Stillen oder schöppeln
Stillen oder schöppeln
Die Nahrungsaufnahme des Babys hat in keinem anderen Lebensabschnitt eine so grosse Bedeutung wie in der Säuglingsphase und frühe Kindheit. Ob Stillen an der Brust oder schöppeln mit der Flasche... beides ist mehr als nur Nahrungsaufnahme. Die Wärme des Körpers und die Nähe zu ihrem Kind verschaffen Geborgenheit und Wohlbehagen. Auch wenn Sie nicht Stillen, können Sie trotzdem die Körpernähe und Zärtlichkeit ihrem Kind geben.Muttermilch
Die Muttermilch ist für das Neugeborene das bekömmlichste Nahrungsmittel. Es enthält alle nötigen Nährstoffen, die das Baby braucht. Zudem enthält es Schutzstoffe die dem Abwehrmechanismus Ihres Babys beitragen. Da Sie die Muttermilch immer bei sich tragen, ist das Stillen natürlich auch praktisch. Sie ist immer vorhanden, hat die richtige Temperatur und steht immer und überall zur Verfügung.
Für die Mutter hat das Stillen einen zusätzlichen positiven Effekt. Die Gebärmutter bildet sich schneller zurück und der Kalorienverbrauch nimmt zu. Sie erreichen daher schneller wieder ihr Ursprungsgewicht, sofern Sie sich auch gesund ernähren!
Zum Stillen sollten Sie sich einen ruhigen Platz aussuchen, an dem Sie sich auch wohl fühlen. Zu Hause könnte dies ein bequemer Sessel sein, oder auf dem Sofa oder sogar im Bett. Nehmen Sie sich genügend Zeit und geniessen Sie die Zeit mit Ihrem Baby.

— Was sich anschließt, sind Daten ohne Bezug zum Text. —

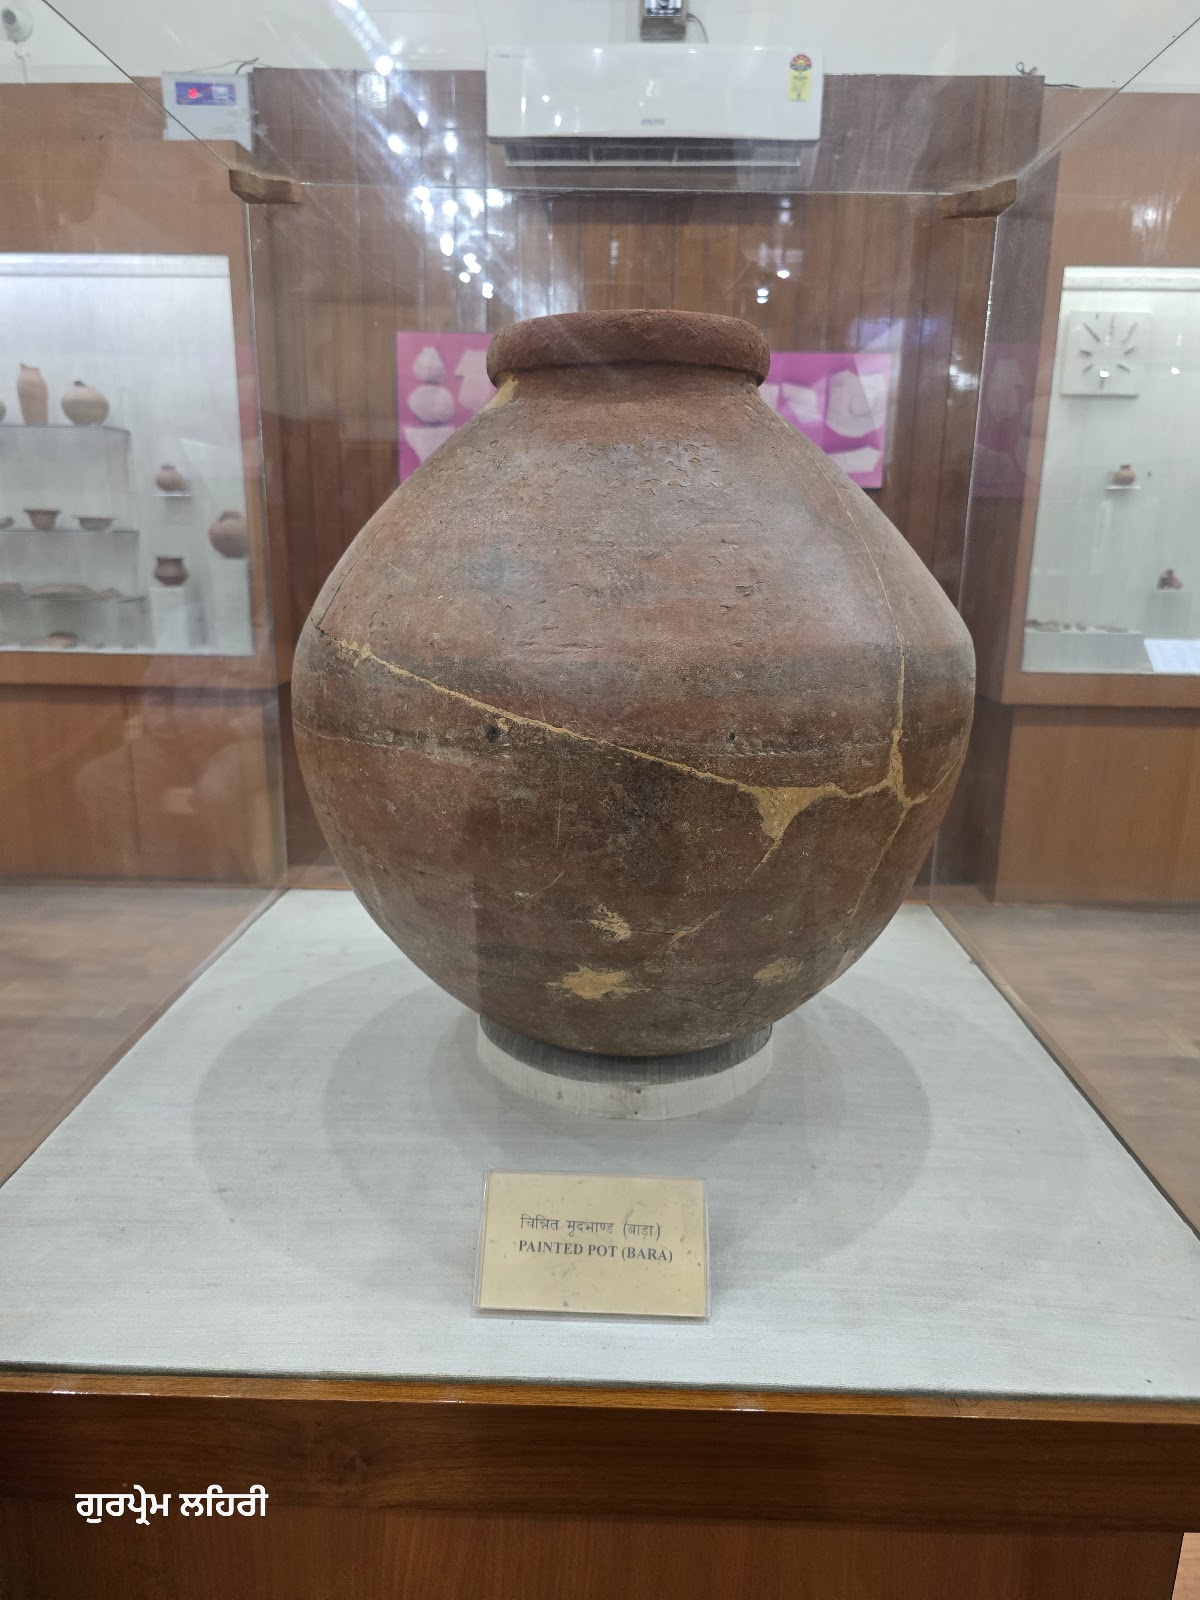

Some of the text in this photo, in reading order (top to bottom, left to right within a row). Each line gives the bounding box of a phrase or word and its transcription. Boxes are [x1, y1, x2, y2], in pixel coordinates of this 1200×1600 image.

[623, 1221, 660, 1241] (बाड़ा)
[519, 1240, 672, 1263] PAINTED POT (BARA)
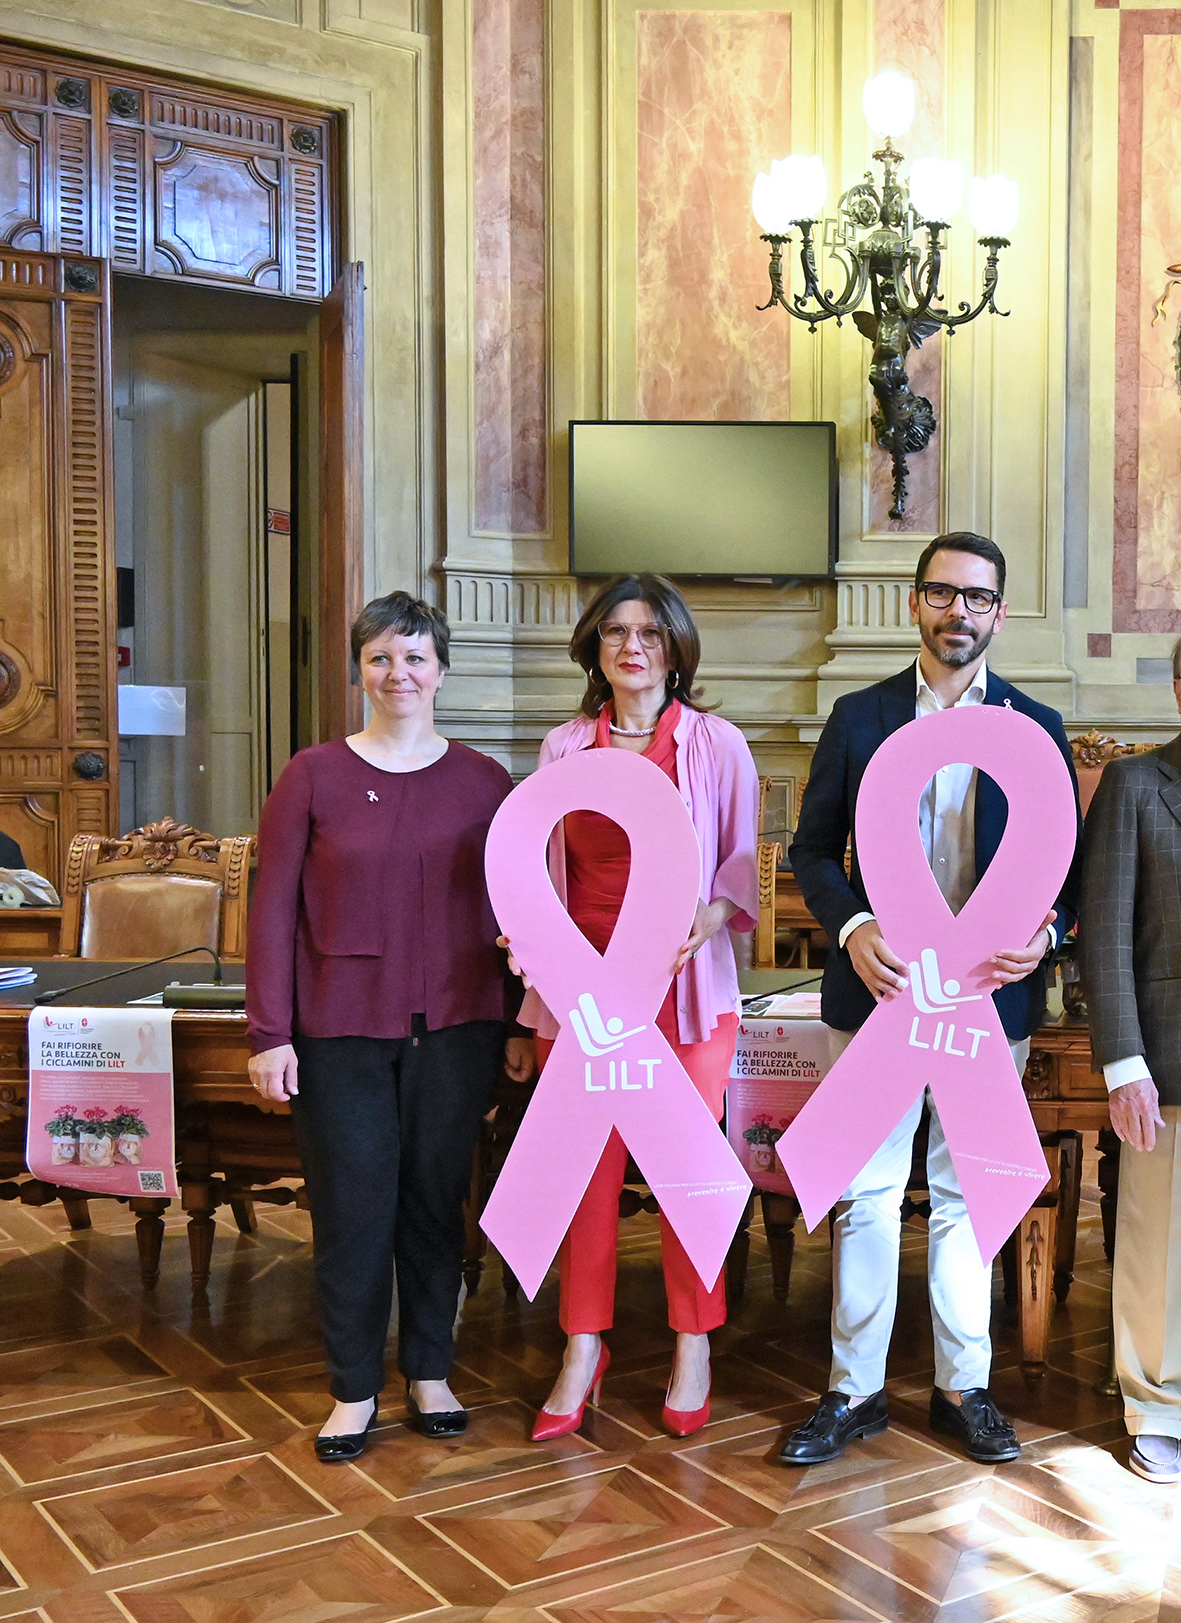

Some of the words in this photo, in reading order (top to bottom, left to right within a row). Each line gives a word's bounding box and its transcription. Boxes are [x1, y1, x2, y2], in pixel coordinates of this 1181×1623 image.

Keine Sorge wenn es nicht auf Anhieb klappt. Auch ihr Neugeborenes benötigt Zeit um die Nahrungsaufnahme von der Brust zu lernen. Geben Sie ihm die Zeit.
Schmerzen beim Stillen?
Haben Sie schmerzen an der Brust oder will das Kind nicht trinken? Gerade in der Anfangszeit des Stillens haben Frauen oftmals wunde Brustwarzen. Meistens liegt es daran, dass das Kind falsch an die Brust angelegt wird. Es kann jedoch auch sein, dass es zu oft an die Brust angelegt wird. Achten Sie darauf, dass Sie pro Brust ca. 15 - 20 min. stillen. Die Belastung für die Brustwarzen bleibt dabei in einem gesunden Rahmen. Je nach Milchmenge, die ihr Kind aufnimmt kann die Dauer variieren. Es ist sehr gut möglich, dass ihr Kind in 10 min. gleich viel Milch aufnimmt wie ein anderes Kind in 20 min. Wenn Sie unsicher sind, können Sie durch die Hebamme oder den Kinderarzt die Menge der Aufnahme messen lassen. Hierfür wird das Kind vor dem Stillen und nach dem Stillen gewogen. Aufgrund der Differenz lässt sich die Milchaufnahme in ml ermitteln. Sie können zudem mittels einem Hütchen die Brustwarze schützen. Solche Brustwarzenhütchen erhalten Sie in Apotheken oder Drogerien.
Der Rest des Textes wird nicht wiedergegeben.